Image-backed grounding data
════════════════

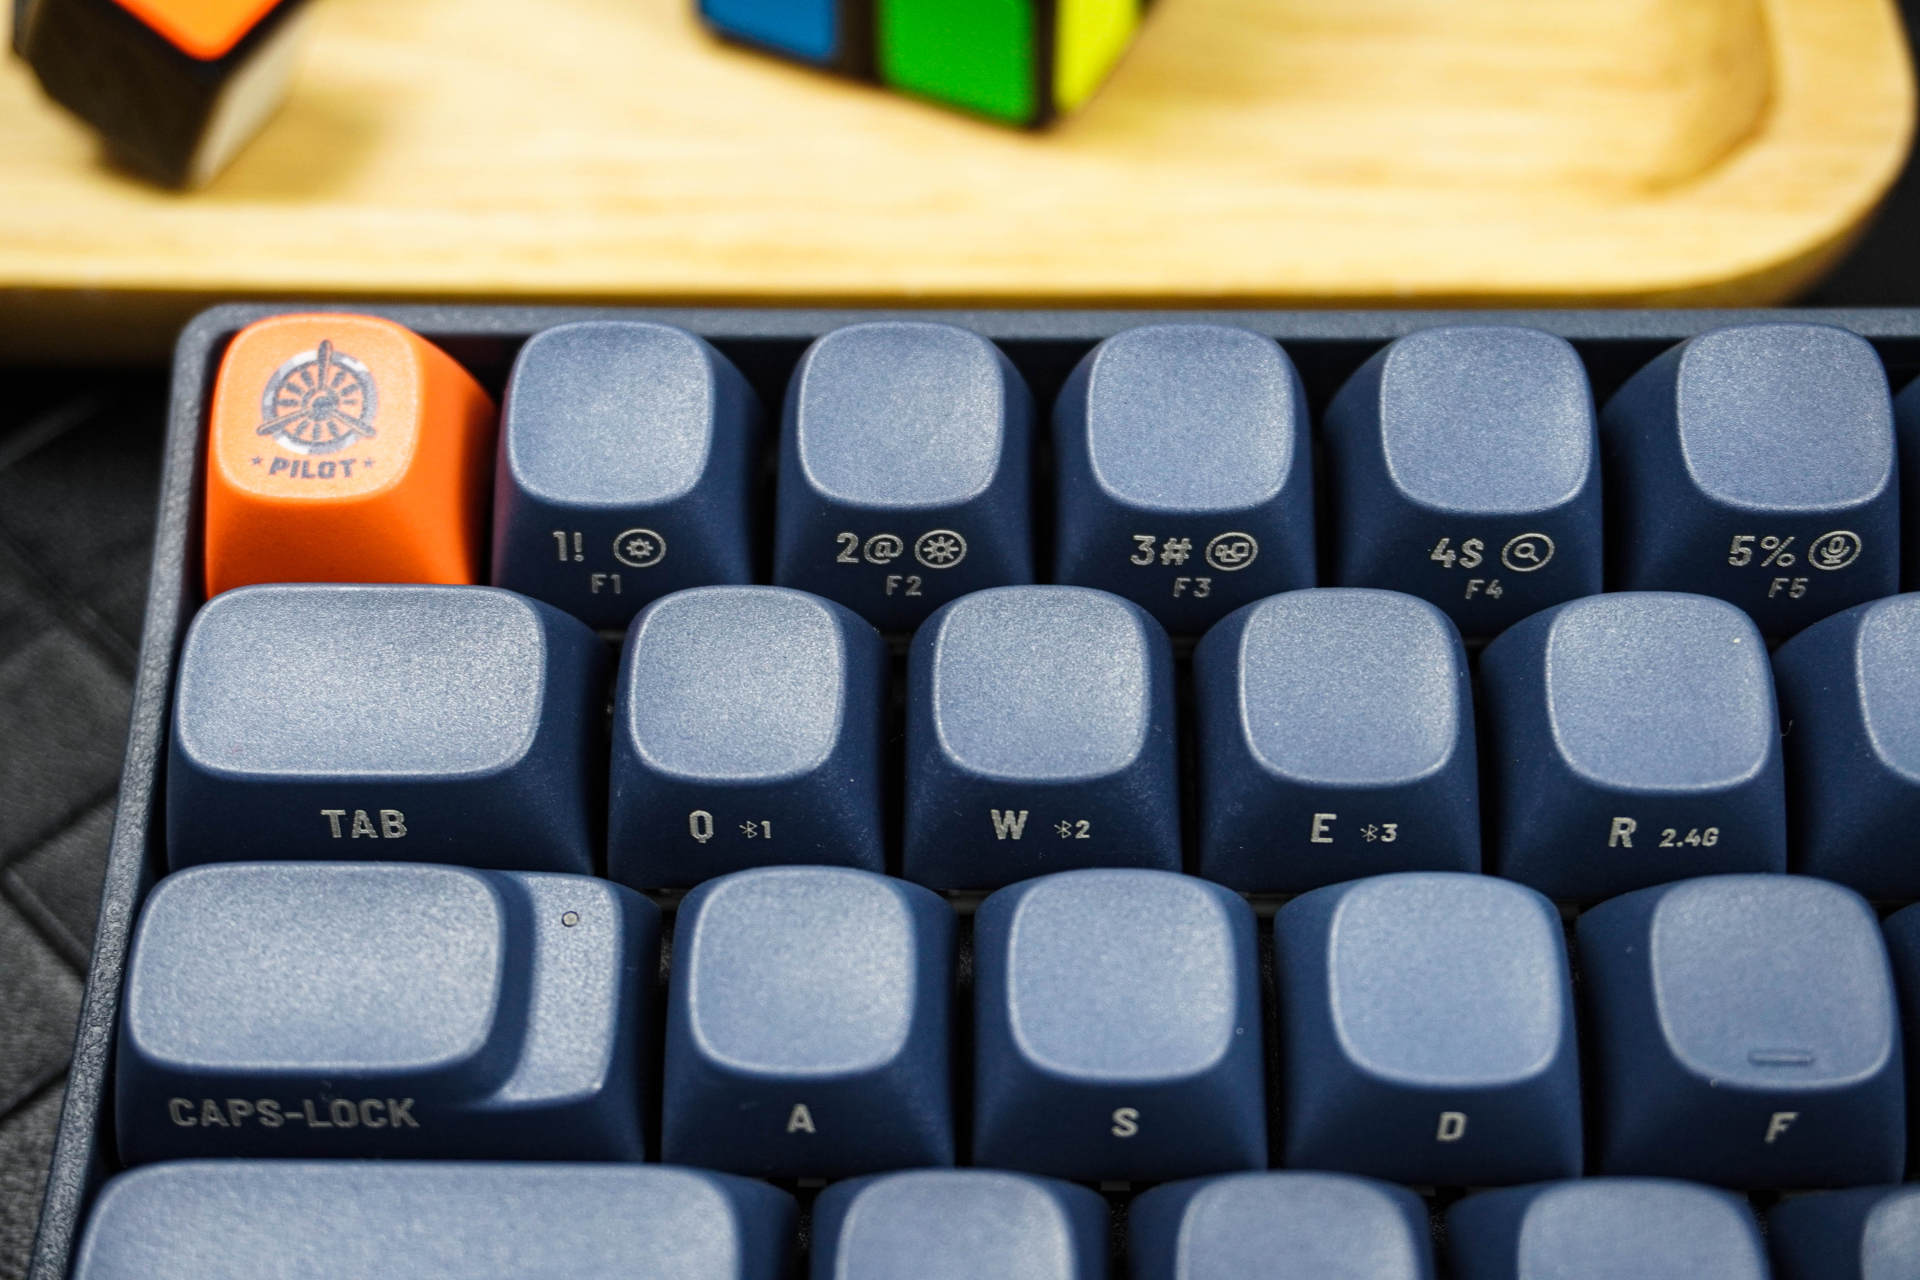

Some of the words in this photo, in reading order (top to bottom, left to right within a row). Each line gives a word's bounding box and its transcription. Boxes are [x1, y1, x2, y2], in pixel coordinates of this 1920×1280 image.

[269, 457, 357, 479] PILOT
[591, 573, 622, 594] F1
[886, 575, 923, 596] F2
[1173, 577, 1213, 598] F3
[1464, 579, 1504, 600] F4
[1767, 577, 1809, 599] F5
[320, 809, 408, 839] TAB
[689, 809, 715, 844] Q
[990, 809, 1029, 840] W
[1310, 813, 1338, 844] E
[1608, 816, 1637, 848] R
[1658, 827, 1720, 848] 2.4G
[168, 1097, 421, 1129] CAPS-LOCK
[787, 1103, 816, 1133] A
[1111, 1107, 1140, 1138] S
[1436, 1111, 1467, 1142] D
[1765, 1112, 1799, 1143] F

════════════════

WHAT YOU WILL DO
What is needed is an exact copy of the data, without any pictures.

RESULT
Some of the words in this photo, in reading order (top to bottom, left to right within a row). Each line gives a word's bounding box and its transcription. Boxes are [x1, y1, x2, y2], in pixel coordinates of this 1920×1280 image.

[269, 457, 357, 479] PILOT
[591, 573, 622, 594] F1
[886, 575, 923, 596] F2
[1173, 577, 1213, 598] F3
[1464, 579, 1504, 600] F4
[1767, 577, 1809, 599] F5
[320, 809, 408, 839] TAB
[689, 809, 715, 844] Q
[990, 809, 1029, 840] W
[1310, 813, 1338, 844] E
[1608, 816, 1637, 848] R
[1658, 827, 1720, 848] 2.4G
[168, 1097, 421, 1129] CAPS-LOCK
[787, 1103, 816, 1133] A
[1111, 1107, 1140, 1138] S
[1436, 1111, 1467, 1142] D
[1765, 1112, 1799, 1143] F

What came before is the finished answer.